[Your task] The whole listing needs to be written out exactly, except for any images.

(Records to process)

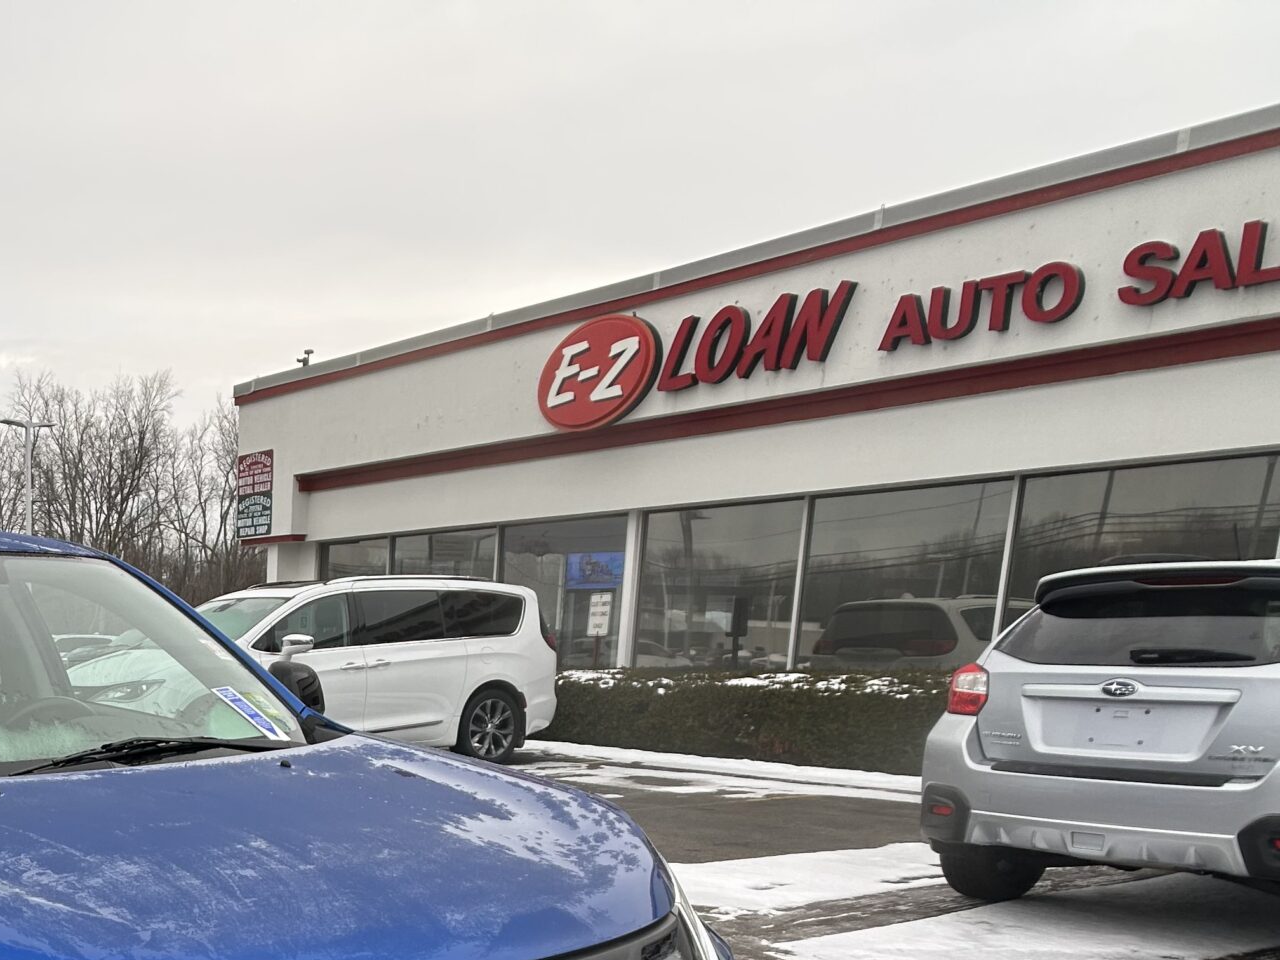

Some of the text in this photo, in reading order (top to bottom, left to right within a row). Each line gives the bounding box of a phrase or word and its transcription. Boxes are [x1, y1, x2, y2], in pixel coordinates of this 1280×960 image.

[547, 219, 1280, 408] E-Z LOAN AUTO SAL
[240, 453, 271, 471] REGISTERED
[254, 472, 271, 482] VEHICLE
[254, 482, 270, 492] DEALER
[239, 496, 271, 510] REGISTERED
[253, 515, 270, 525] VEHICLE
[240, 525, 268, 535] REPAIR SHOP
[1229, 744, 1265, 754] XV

(End Records to process)

[Answer section]
Some of the text in this photo, in reading order (top to bottom, left to right within a row). Each line gives the bounding box of a phrase or word and its transcription. Boxes are [x1, y1, x2, y2], in pixel coordinates of this 1280×960 image.

[547, 219, 1280, 408] E-Z LOAN AUTO SAL
[240, 453, 271, 471] REGISTERED
[254, 472, 271, 482] VEHICLE
[254, 482, 270, 492] DEALER
[239, 496, 271, 510] REGISTERED
[253, 515, 270, 525] VEHICLE
[240, 525, 268, 535] REPAIR SHOP
[1229, 744, 1265, 754] XV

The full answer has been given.